A few things to look for on the label:
- Ingredient list length: Shorter is better. Tomatoes, olive oil, garlic, salt, and basil is the gold standard.
- Sugar per serving: Aim for 3 grams or under per quarter-cup portion (the amount you'd actually use in this recipe).
- "1 gram of sugar per half-cup serving" is achievable with clean-ingredient brands that use no added sugar. That's your benchmark.
- Serving size math: Labels often use a half-cup as the reference serving. You're using less, so calculate accordingly.
Roasted red pepper sauces can be a lower-sugar alternative to straight tomato, but always check: some brands add honey or brown sugar to the roasting process.

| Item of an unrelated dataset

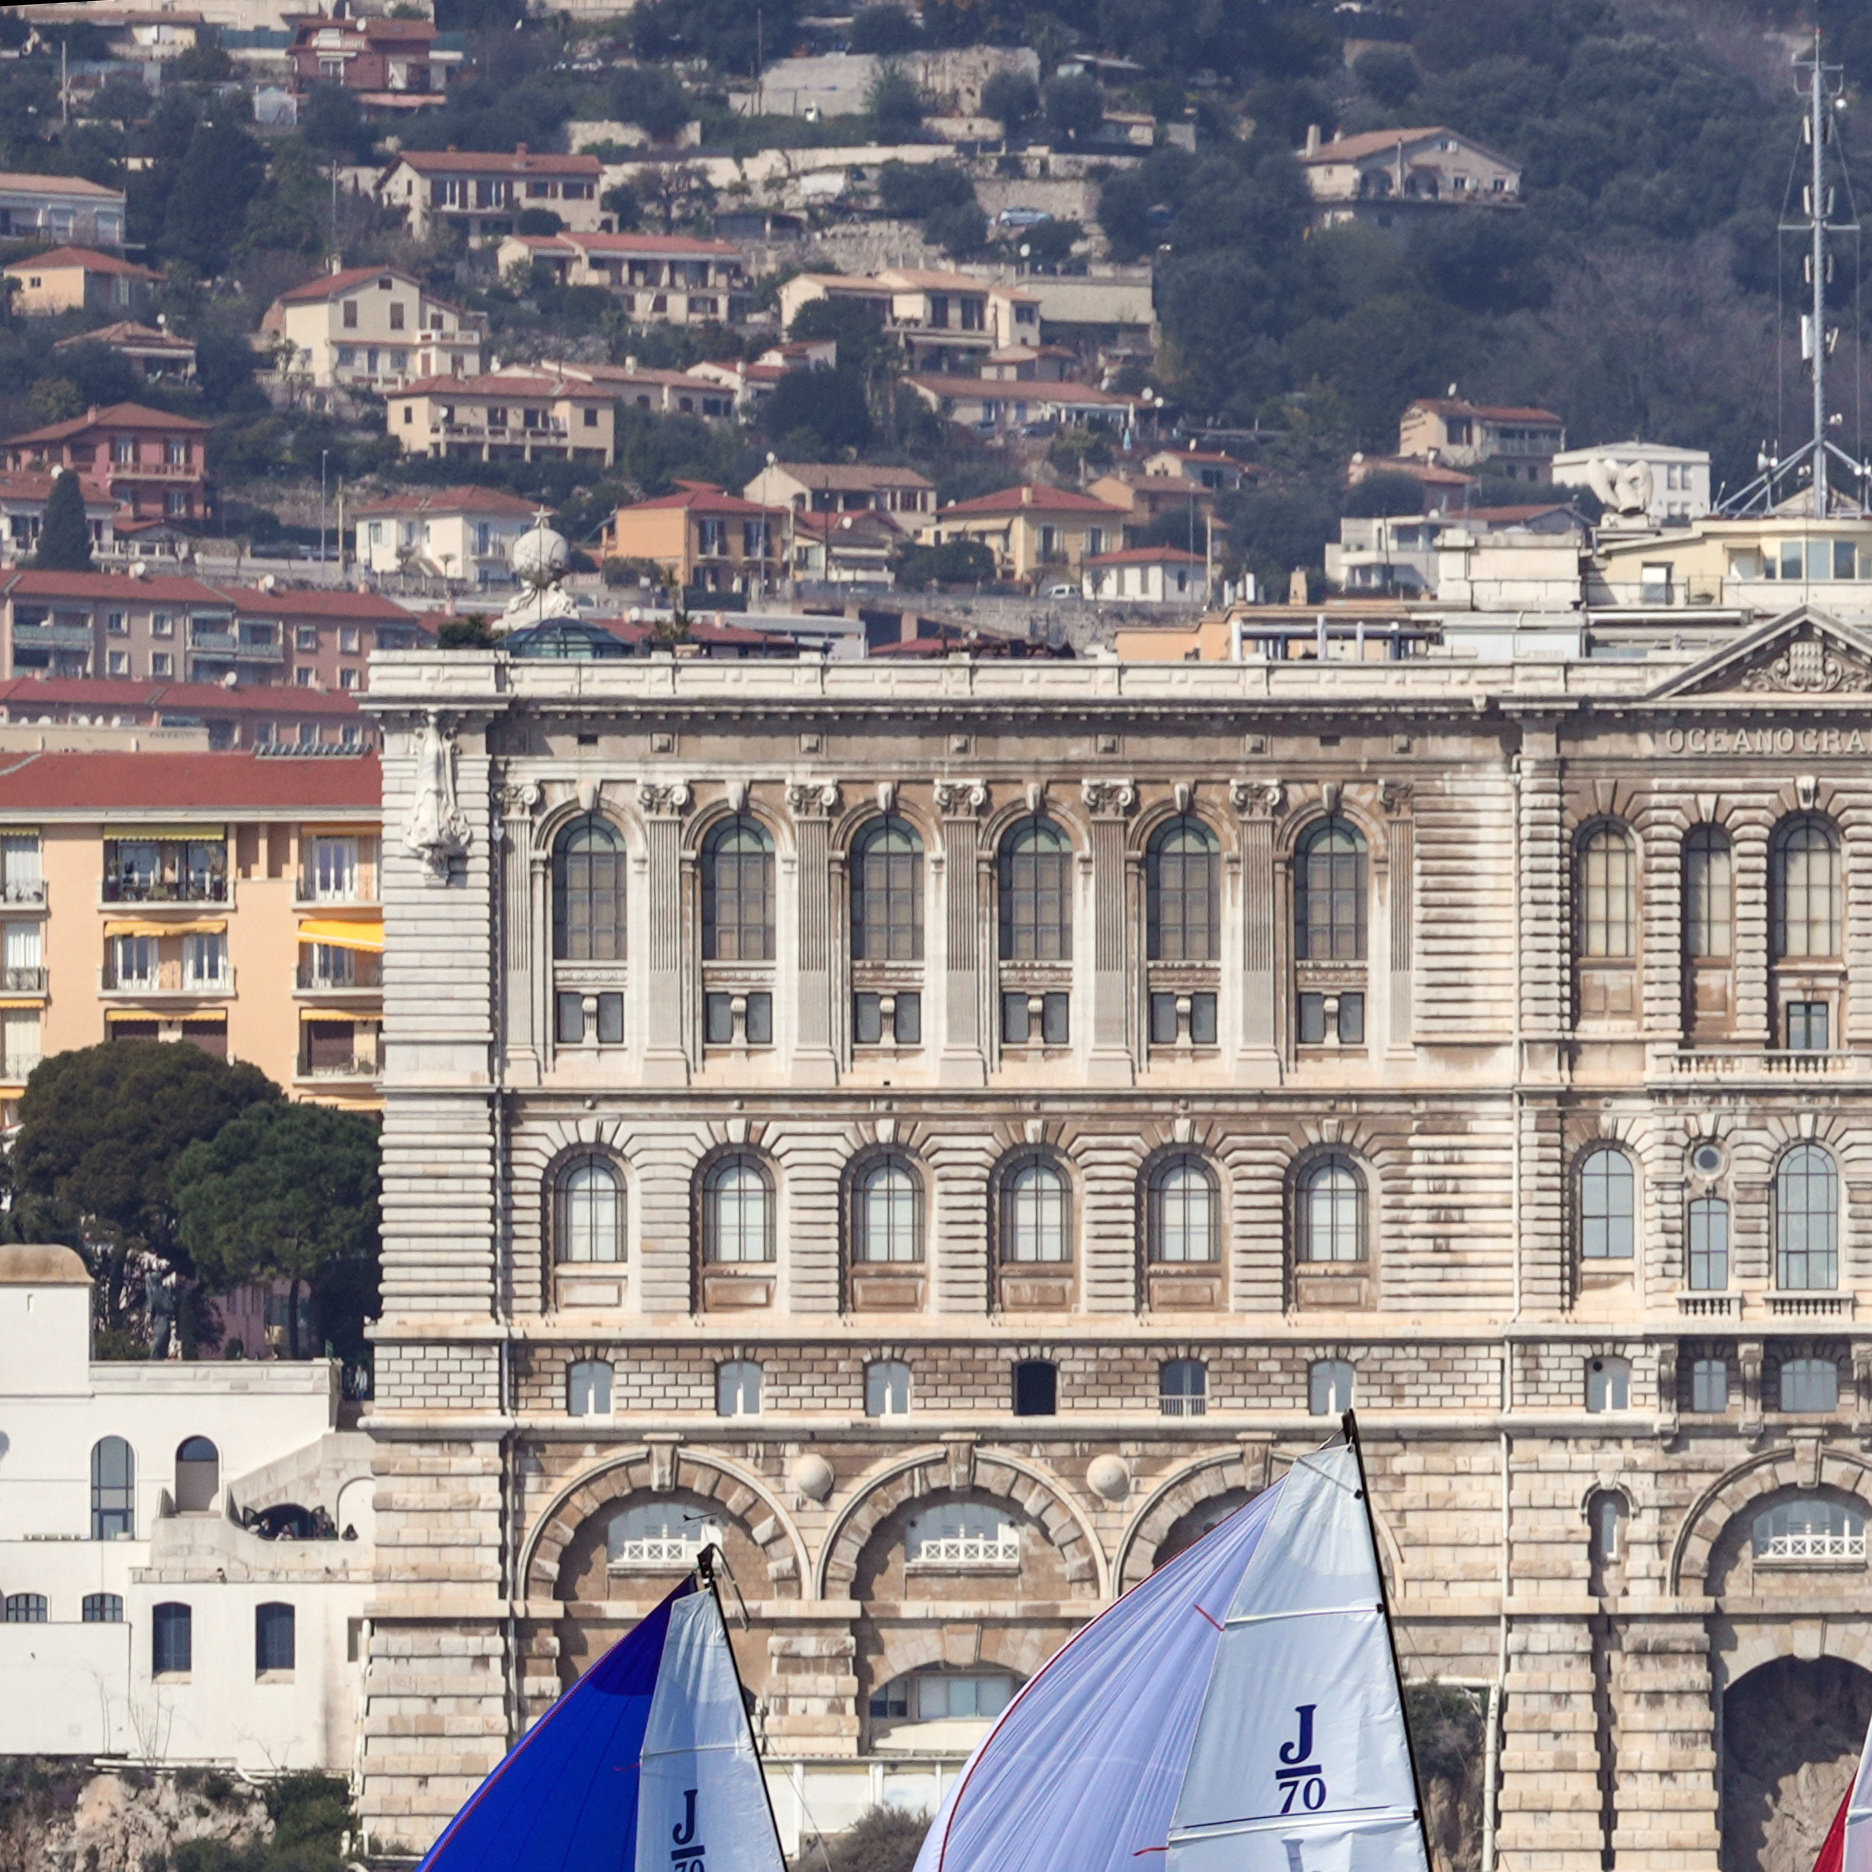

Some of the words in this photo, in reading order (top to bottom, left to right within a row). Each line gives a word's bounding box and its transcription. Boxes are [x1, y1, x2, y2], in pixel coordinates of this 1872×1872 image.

[1278, 1704, 1317, 1764] J
[672, 1789, 698, 1843] J
[1278, 1777, 1327, 1814] 70

Make It Better: 3 Variations
Dairy-Free Version
Skip the cheese entirely (the eggs carry the richness on their own) and finish the skillet with a teaspoon of tahini swirled over the top after plating. Tahini adds creaminess, healthy fat, and a subtle nutty note that plays beautifully with the smoky paprika. Alternatively, a few drops of good olive oil and torn fresh basil do all the work without any dairy. For the egg-free or dairy-free crowd, tofu or a store-bought egg replacer like Just Egg can be cooked directly in the shakshuka sauce as a further adaptation, though the classic version with eggs is already naturally dairy-optional.
Higher-Protein Version
The simplest lever: go from two eggs to three, or add one to two ounces of crumbled cooked chorizo or Italian sausage to the sauce before adding the eggs. Both additions are zero-carb and dramatically increase the satiety ceiling of the meal. Pre-cooked ground lamb or turkey also works; brown it the night before, store in the fridge, and stir a spoonful into the sauce while it heats. This version is particularly useful if you're hitting the gym in the morning and need protein in the 25-to-30-gram range before training.
Meal-Prep Version
Make a double batch of the sauce, let it cool completely, and transfer it to an airtight container to store in the refrigerator for up to three days. Keep the sauce separate from the eggs when storing: add fresh eggs only when you're reheating. This preserves texture and prevents the dreaded rubbery, overcooked egg situation. On busy mornings, the sauce is already done; all you do is reheat, crack, cover, and eat. If the sauce thickens overnight, add a small splash of water to loosen it before the eggs go in.
Spinach and Pepper Add-Ons
The original tutorial suggests a handful of baby spinach wilted into the sauce before the eggs, or thin-sliced low-carb peppers laid flat across the top. Both additions are macro-safe. Baby spinach contributes less than 1 gram of net carbs per cup and adds magnesium and iron, two nutrients that tend to drop on restricted diets. Poblano or green bell pepper strips add crunch and a mild heat without spiking the carb count significantly, especially in the two-to-three-strip portions shown in the video.
The Bigger Picture
When you're on keto, it's important to get a punch of protein when you wake up, and breakfast tends to be the meal where most people aren't getting enough of it. A five-minute shakshuka fixes exactly that. It's warm, it's savory, it fills the gap that a cold protein shake often doesn't, and it keeps the mid-morning carb impulse at bay by delivering fat and protein together rather than in isolation.
The beauty of stripping shakshuka to three ingredients isn't that it's a lesser version of the dish. It's that it removes every friction point that keeps people reaching for cereal instead. Once the sauce is on the shelf and the eggs are in the fridge, there's genuinely no easier hot keto breakfast available on a Tuesday morning.